As you can tell from this byline, I am a little late to the reviewing party so I had a weeks worth of bad reviews in my mind when I finally got to sit down and watch the film. To be honest, it’s not as bad as the reviews have let on; it’s pretty decent, not great, but decent.
It suffered from a lot of the same faults that it’s precursor Man of Steel suffered from; a lot of which can be blamed on the studio for bringing back director Zack Snyder. The main issues in both of these films are the pacing and character development. Especially the pacing.
The biggest fault of the film was that it was not directed by Christopher Nolan who directed the previous three Batman films starring Christian Bale. The film tried as hard as it could to replicate Nolan’s work, but it just couldn’t re-create the brooding and dark, but beautifully energetic world that he seems to create for all his films. Zack Snyder has always felt like a consultation prize to Nolan, and he is struggling to deliver on lofty expectations as he has struggled to improve on the faults from Man of Steel. Snyder’s work feels like the variable that limited this film’s ceiling the most.

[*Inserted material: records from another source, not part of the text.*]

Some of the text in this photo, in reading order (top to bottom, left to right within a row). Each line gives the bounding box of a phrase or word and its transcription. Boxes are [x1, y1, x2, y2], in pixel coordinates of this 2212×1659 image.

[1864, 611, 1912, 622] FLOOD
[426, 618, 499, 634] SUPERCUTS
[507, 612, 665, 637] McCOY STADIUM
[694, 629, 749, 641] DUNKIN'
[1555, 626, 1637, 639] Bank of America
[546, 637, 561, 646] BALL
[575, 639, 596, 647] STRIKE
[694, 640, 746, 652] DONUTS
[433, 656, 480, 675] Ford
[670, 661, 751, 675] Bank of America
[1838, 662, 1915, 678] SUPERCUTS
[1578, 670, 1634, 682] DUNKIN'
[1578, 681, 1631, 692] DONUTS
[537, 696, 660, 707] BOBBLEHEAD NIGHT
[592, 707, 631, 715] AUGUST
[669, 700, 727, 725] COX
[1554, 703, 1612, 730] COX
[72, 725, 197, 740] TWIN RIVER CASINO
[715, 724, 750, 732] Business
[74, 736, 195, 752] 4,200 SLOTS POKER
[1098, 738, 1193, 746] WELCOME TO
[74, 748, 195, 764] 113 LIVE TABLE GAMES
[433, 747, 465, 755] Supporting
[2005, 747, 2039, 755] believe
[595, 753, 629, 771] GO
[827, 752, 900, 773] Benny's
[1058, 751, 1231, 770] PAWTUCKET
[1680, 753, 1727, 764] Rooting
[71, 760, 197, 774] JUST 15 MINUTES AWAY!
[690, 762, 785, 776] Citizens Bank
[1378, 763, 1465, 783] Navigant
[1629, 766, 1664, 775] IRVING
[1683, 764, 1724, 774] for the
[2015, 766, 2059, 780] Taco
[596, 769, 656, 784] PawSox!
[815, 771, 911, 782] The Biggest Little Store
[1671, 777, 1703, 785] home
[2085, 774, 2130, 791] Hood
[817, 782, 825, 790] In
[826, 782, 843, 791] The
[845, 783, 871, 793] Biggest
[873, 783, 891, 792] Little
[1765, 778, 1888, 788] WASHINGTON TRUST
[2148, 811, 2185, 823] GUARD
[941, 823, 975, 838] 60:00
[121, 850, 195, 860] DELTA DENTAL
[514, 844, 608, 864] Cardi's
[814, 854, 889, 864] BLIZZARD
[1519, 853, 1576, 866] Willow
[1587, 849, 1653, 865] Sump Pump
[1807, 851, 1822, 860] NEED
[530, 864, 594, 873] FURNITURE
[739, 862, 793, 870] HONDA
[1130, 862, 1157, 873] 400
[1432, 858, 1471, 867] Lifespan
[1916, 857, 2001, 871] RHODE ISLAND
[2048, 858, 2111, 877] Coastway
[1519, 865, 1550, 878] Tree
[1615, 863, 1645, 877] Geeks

The script had its heart in all the right place, and had so many good ideas and that’s why it was frustrating watching it fall short of its goals. While there was a lot of good intention, especially using an older and damaged Batman, it just did not come together. Even though the film was very long, it might not have been long enough for what they wanted to do.

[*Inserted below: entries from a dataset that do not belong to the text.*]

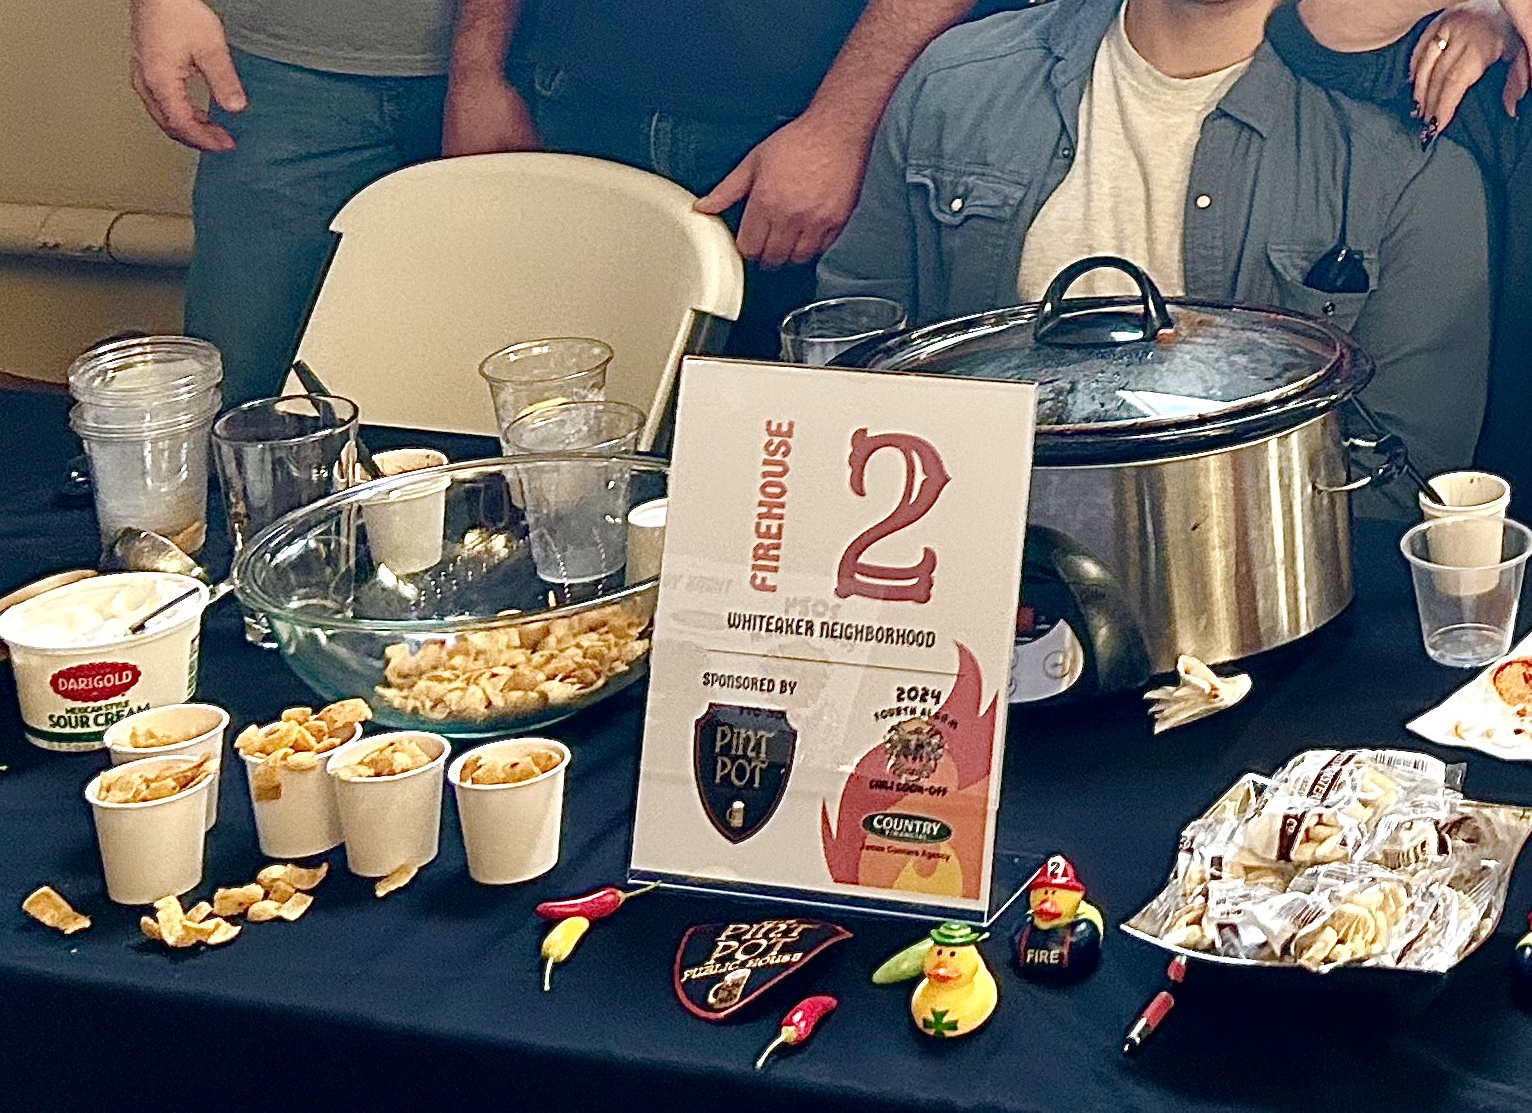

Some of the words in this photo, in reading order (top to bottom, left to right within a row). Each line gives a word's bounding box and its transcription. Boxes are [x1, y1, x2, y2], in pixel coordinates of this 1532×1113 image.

[750, 419, 795, 593] FIREHOUSE
[835, 427, 952, 604] 2
[727, 612, 815, 637] WHITEAKER
[819, 621, 936, 648] NEIGHBORHOOD
[57, 670, 133, 692] DARIGOLD
[702, 672, 775, 693] SPONSORED
[779, 679, 797, 695] BY
[896, 686, 941, 705] 2024
[65, 705, 102, 715] MEXICAN
[103, 700, 130, 709] STYLE
[48, 714, 91, 729] SOUR
[715, 725, 775, 760] PINT
[715, 756, 769, 788] POT
[872, 815, 942, 836] COUNTRY
[715, 923, 823, 941] PINT
[706, 936, 800, 965] POT
[1025, 949, 1061, 964] FIRE
[680, 961, 740, 983] PUBLIC
[744, 953, 803, 969] HOUSE

A saving grace of this film was the casting, with the shinning light being Ben Affleck as Batman. While Affleck copped a lot of flack or should I say fleck (sorry) for being cast, he ultimately proved the right man for the job. He brought the weight required for such a lofty role, and fitted the brooding beacon of morality well while putting his own spin on it. In fact, Affleck was probably the best cinematic Batman we have seen.

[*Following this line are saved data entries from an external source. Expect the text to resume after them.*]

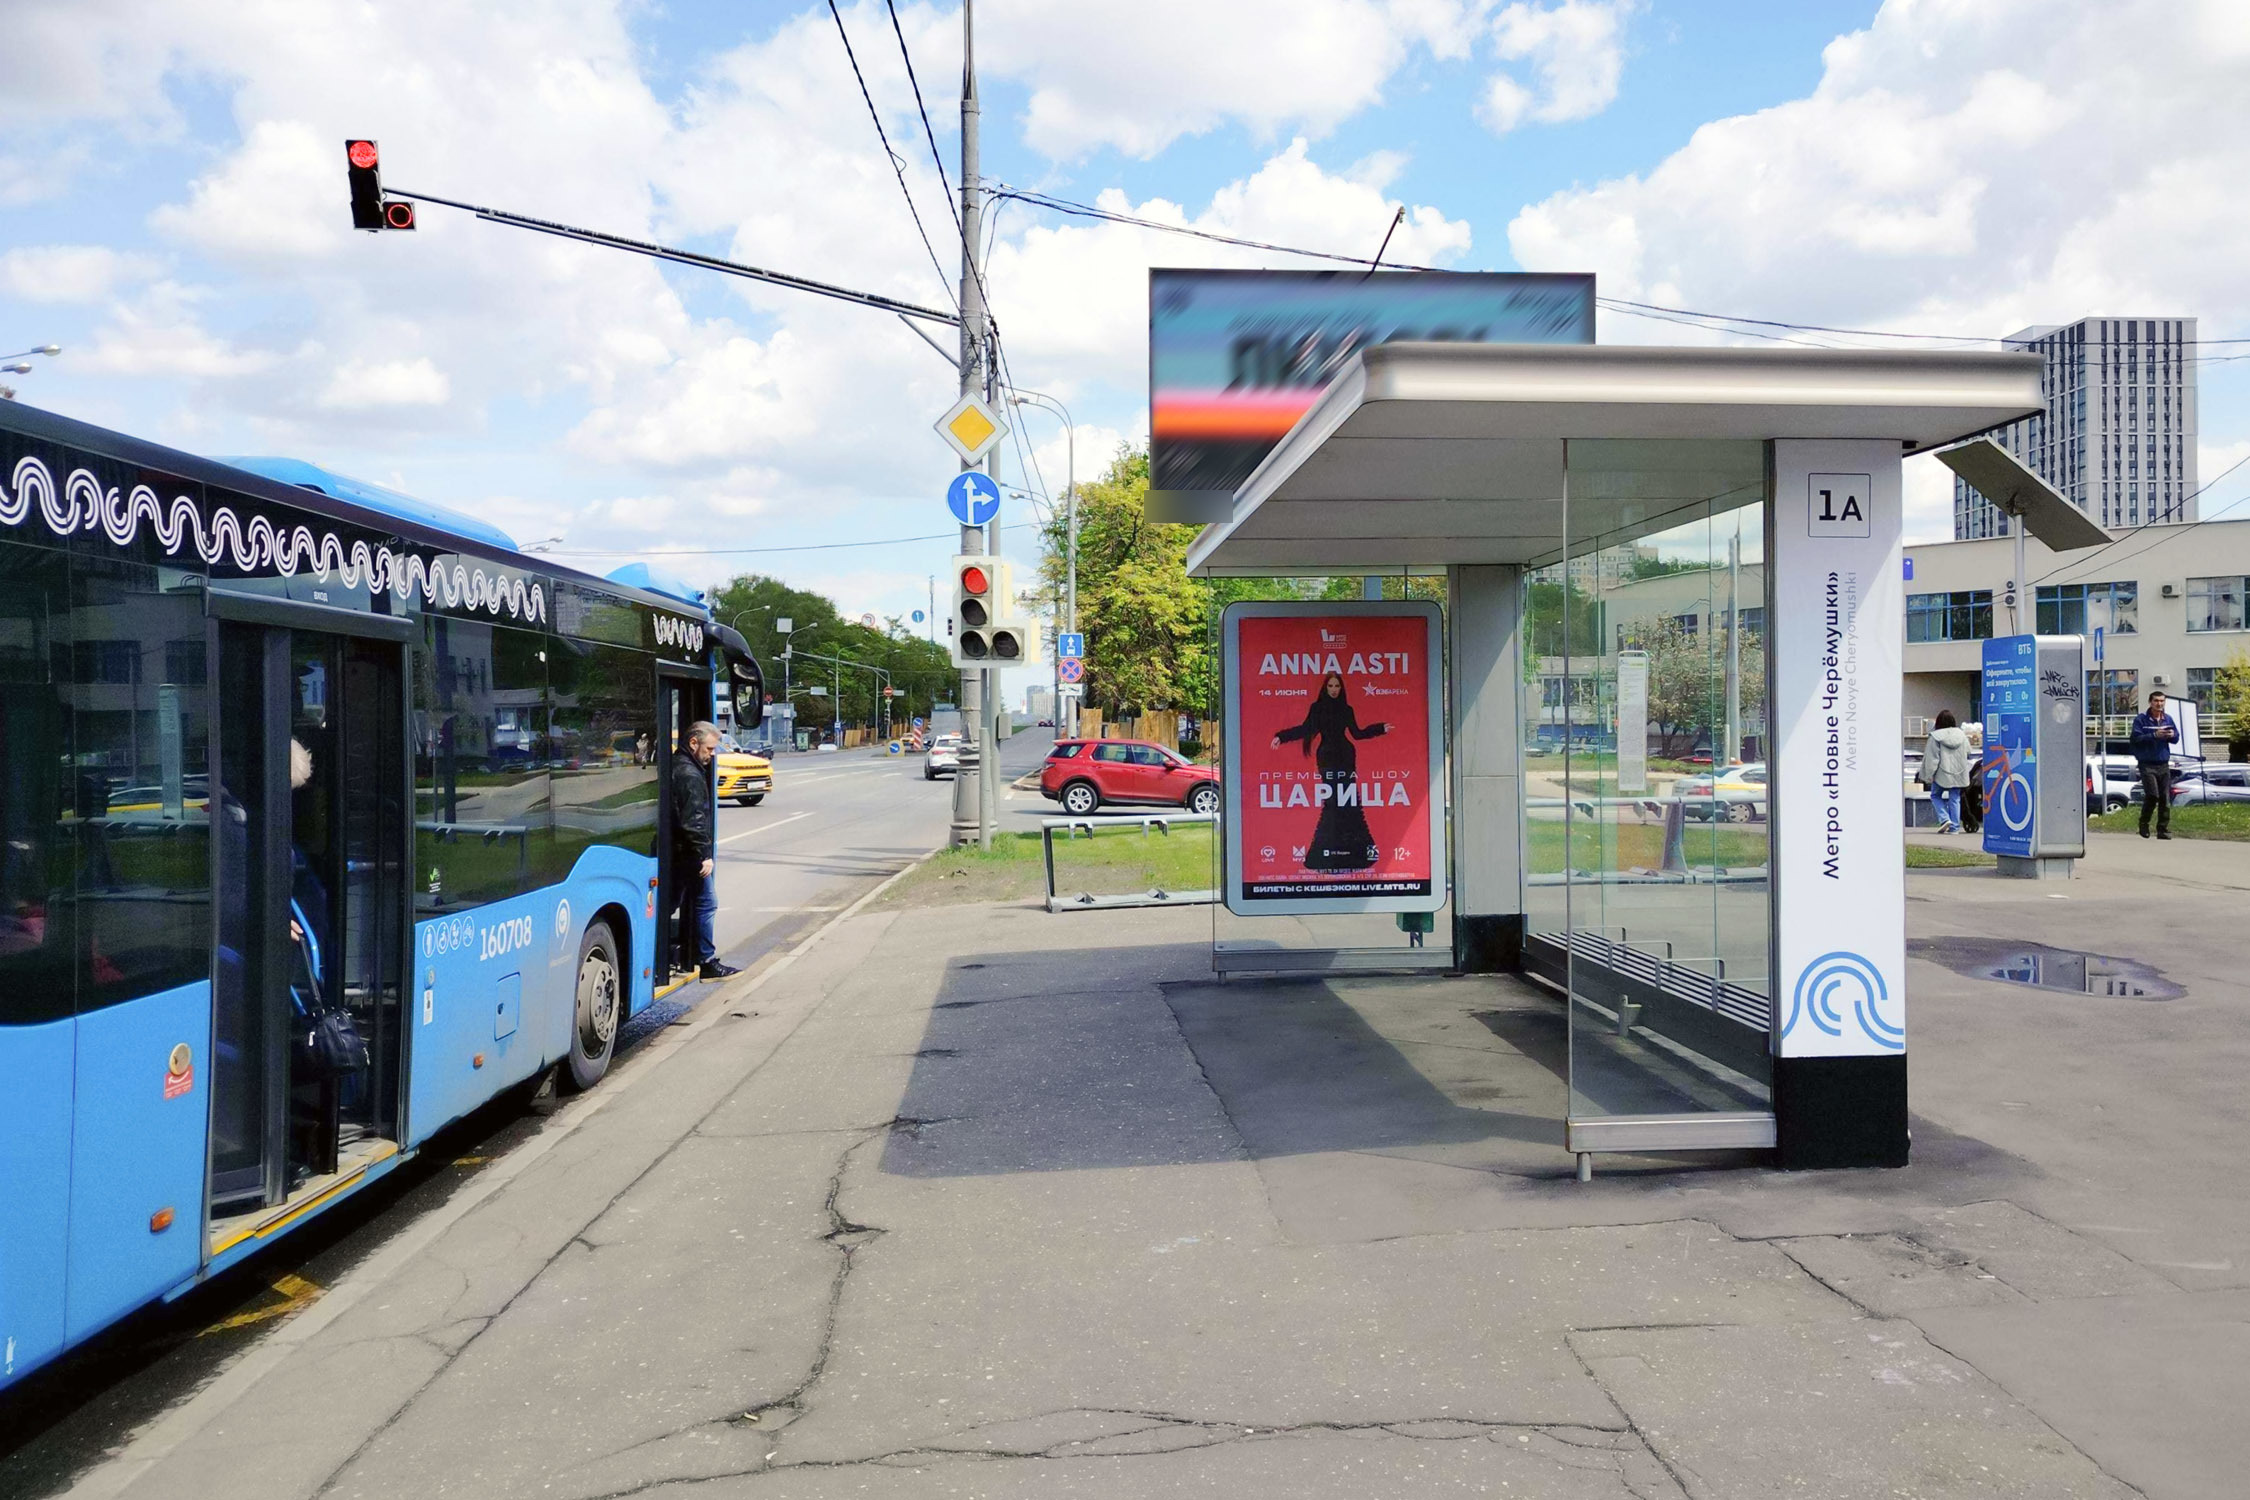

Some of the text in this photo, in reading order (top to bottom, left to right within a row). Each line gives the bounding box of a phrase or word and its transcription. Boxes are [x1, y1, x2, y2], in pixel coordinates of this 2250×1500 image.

[313, 591, 328, 602] ВХОД
[2018, 643, 2032, 655] ВТБ
[1258, 652, 1409, 675] ANNA ASTI
[2015, 665, 2032, 674] чтобы
[1845, 571, 1859, 771] Metro Novye Cheryomushki
[1822, 571, 1843, 880] Метро «Новые Черёмушки»
[1259, 770, 1411, 780] ПРЕМЬЕРА ШОУ
[1259, 782, 1411, 808] ЦАРИЦА
[1394, 847, 1411, 861] 12+
[1253, 885, 1294, 893] БИЛЕТЫ
[1304, 884, 1360, 892] КЕШБЭКОМ
[1361, 883, 1421, 891] LIVE.MTS.RU
[480, 915, 532, 962] 160708

Henry Cavill brings the same charisma to the role as he would if he was playing a cardboard cut out of Superman. He looks the part: he is is chiseled, and he is handsome, but most of his contribution to the character has been adding to the misconception that Superman is a one dimensional, boring, out-dated hero, which is NOT TRUE!
Jesse Eisenberg was a very left field choice for iconic villain Lex Luthor, but it seems to of paid off. While I didn’t love the changes to the character, Eisenberg added some texture to the film that positively affected the story. The most pleasant surprise was Jeremy Irons as the sassy butler Alfred. While it was weird seeing anyone besides Michael Cain play the parental guardian to Batman, Irons provided a lot of the comic relief that really helped break up a morbid and slow plot. While I did not see much of Gal Gadot as Diana Prince/ Wonderman, she did enough to convince me the role was well cast.
With DC looking to replicate Marvel‘s success of an expanded universe, this film is another pivotal step forward, but not a strong as one as Warner Bros would of hoped for. It’s a victim of expectations, but I still found the film enjoyable even though it did have short comings. It is a movie worth watching even if only once.
And it’s not as bad as ‘Sadfleck’ thinks it is.